For me, who had finished treatment for the disease three years earlier at the age of 35, that tore it. Corporations know that those pink ribbons translate into green cash: According to a 2000 Opinion Research International poll, more than two-thirds of women said they would purchase a product linked to the fight against breast cancer.
But how many of them will ask how their money is actually spent or how corporate donors may themselves "drive" the breast cancer agenda?
Consider Breast Cancer Awareness month, which is every October. Its founder, the drug maker AstraZeneca, manufactures the breast cancer drug tamoxifen and other chemotherapies, but until recently it made agrochemicals as well.
It's a perfect profit circle.
DuPont, another sponsor of awareness programs, continues to manufacture pesticides that contain known carcinogens. So this month, we are likely to hear a great deal about "prevention" in the form of behavior modification and diet but will not hear that as many as half of all cancers are not associated with known risk factors. The "e word"--environment--if it comes up at all, will be quickly dismissed.
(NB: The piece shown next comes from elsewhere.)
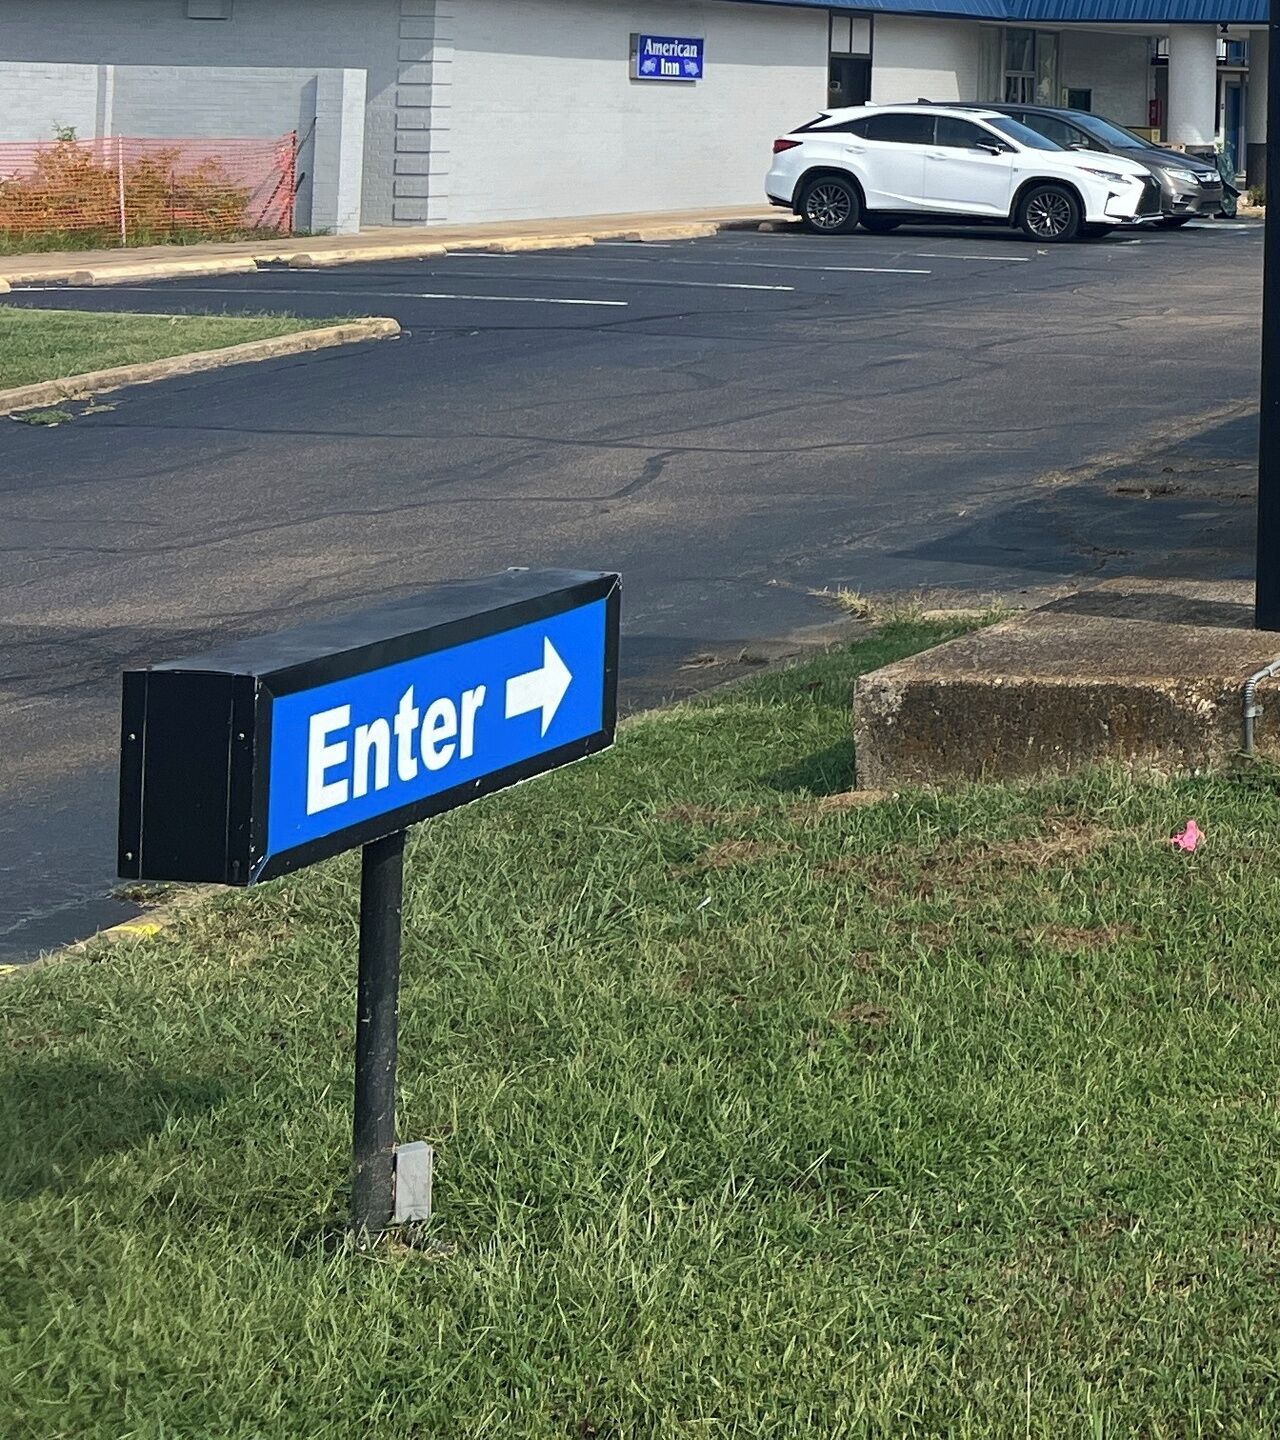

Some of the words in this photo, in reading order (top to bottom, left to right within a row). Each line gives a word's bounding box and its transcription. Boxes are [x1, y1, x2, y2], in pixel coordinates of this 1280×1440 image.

[644, 38, 698, 57] American
[660, 58, 680, 75] Inn
[306, 684, 487, 817] Enter
We will also hear that early detection is the best protection. We will not hear that mammograms miss 25% of cancers in women under 50. Nor will we hear that, in many cases, early detection makes no difference in outcome, either because the woman's disease is too aggressive or because it is sufficiently nonaggressive that she'd be just as likely to survive or die if she waited until she or her doctor discovered a lump.
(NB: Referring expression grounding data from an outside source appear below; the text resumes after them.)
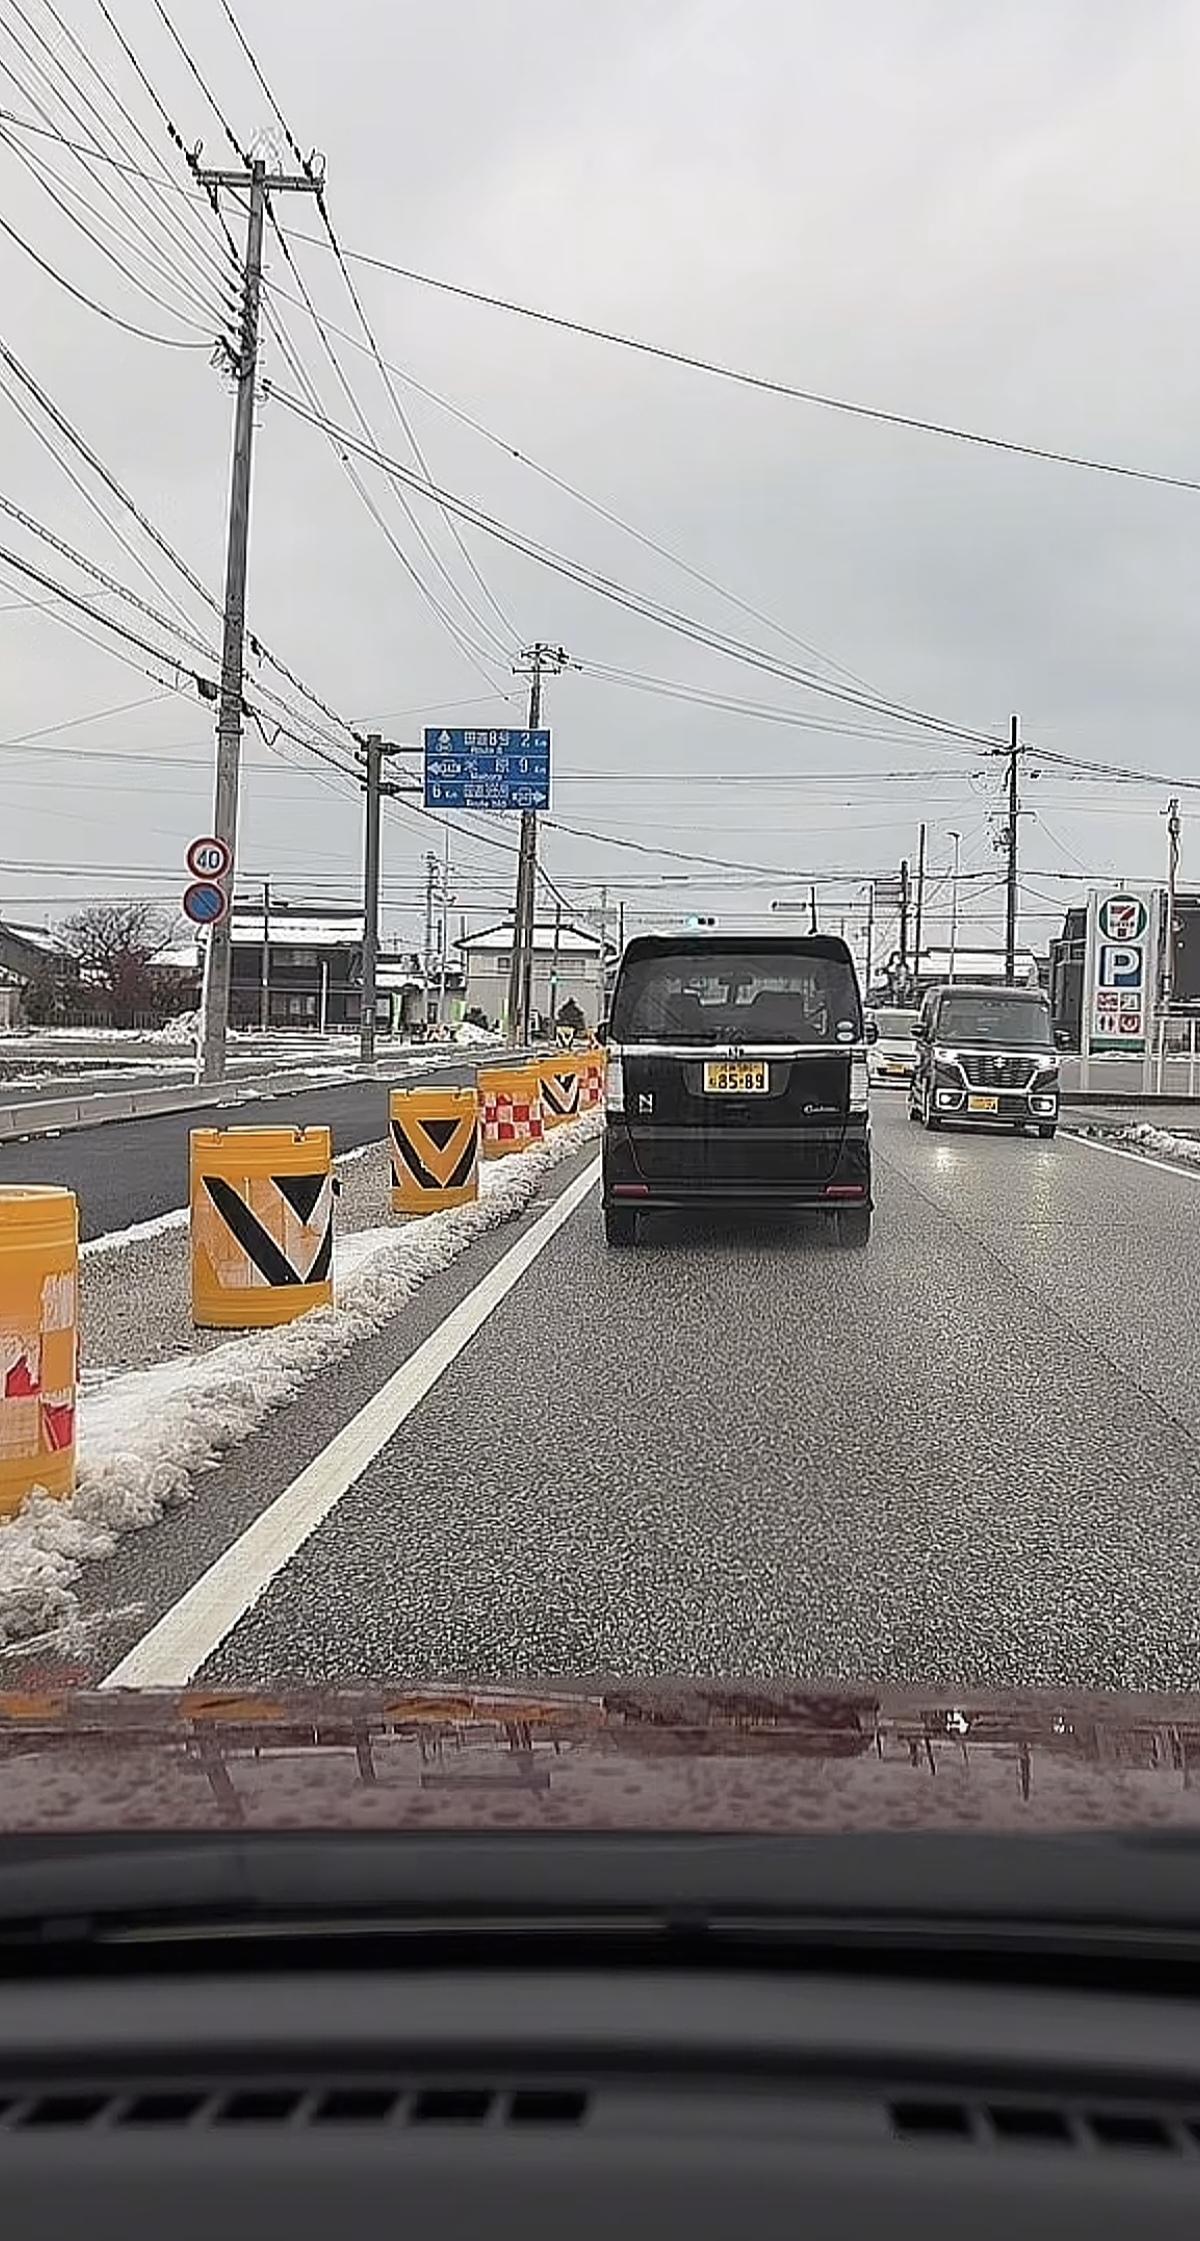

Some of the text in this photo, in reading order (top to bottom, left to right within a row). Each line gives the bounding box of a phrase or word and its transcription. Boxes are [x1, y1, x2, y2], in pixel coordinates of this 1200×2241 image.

[520, 731, 530, 748] 2
[432, 783, 441, 799] 6
[197, 849, 220, 869] 40
[1103, 947, 1140, 986] P
[638, 1093, 653, 1114] N
Meanwhile, a 10-year study published this month in the Journal of the National Cancer Institute, covering more than 250,000 women, showed virtually no difference in death rates from breast cancer between those who did monthly breast self-examinations and those who did not. We also will not hear that too little has changed in the treatment of breast cancer since President Nixon raised the battle cry in 1971. Our choices are still slash, burn and poison.
Women without health insurance don't even have those options.
Here's what we need to be thinking about: Mammography, while the best screening currently available, is simply not good enough. We need to focus, urgently, on developing more effective, safer screening technologies that will better predict which tumors need aggressive treatment.
And more attention needs to be paid to possible environmental links to the disease. Establishing those relationships is notoriously complex, as a recent 10-year study of breast cancer in Long Island, N.Y., showed. But that's no reason to abandon the effort. There are thousands of pesticides, solvents and fuels lingering in our environment and in our bodies that may be affecting our breast tissue.
Of course, research that could result in pulling products off the shelves may not be a popular idea with corporate sponsors. They'd rather have women passively shopping for a cure than angrily demanding a search for a cause.
Finally, we need better treatment options for the 40,000 women who die each year of this disease, whose cancers were too aggressive to be helped by mammography detection or current therapies. Their deaths were not a failure of will but a failure of medicine.
The pink ribbon once represented the effort to transform breast cancer from a source of silent shame into a public health crisis. To make good on its promise, we need to do more than patronize companies that support complacency in the name of "awareness." Before we put our money down--whether for a gallon of gasoline, a handbag (in partnership with an automobile company!) or to sponsor a friend on a fun run--we need to ensure that the pink-ribbon profits will make a real difference in prevention, detection and treatment of breast cancer.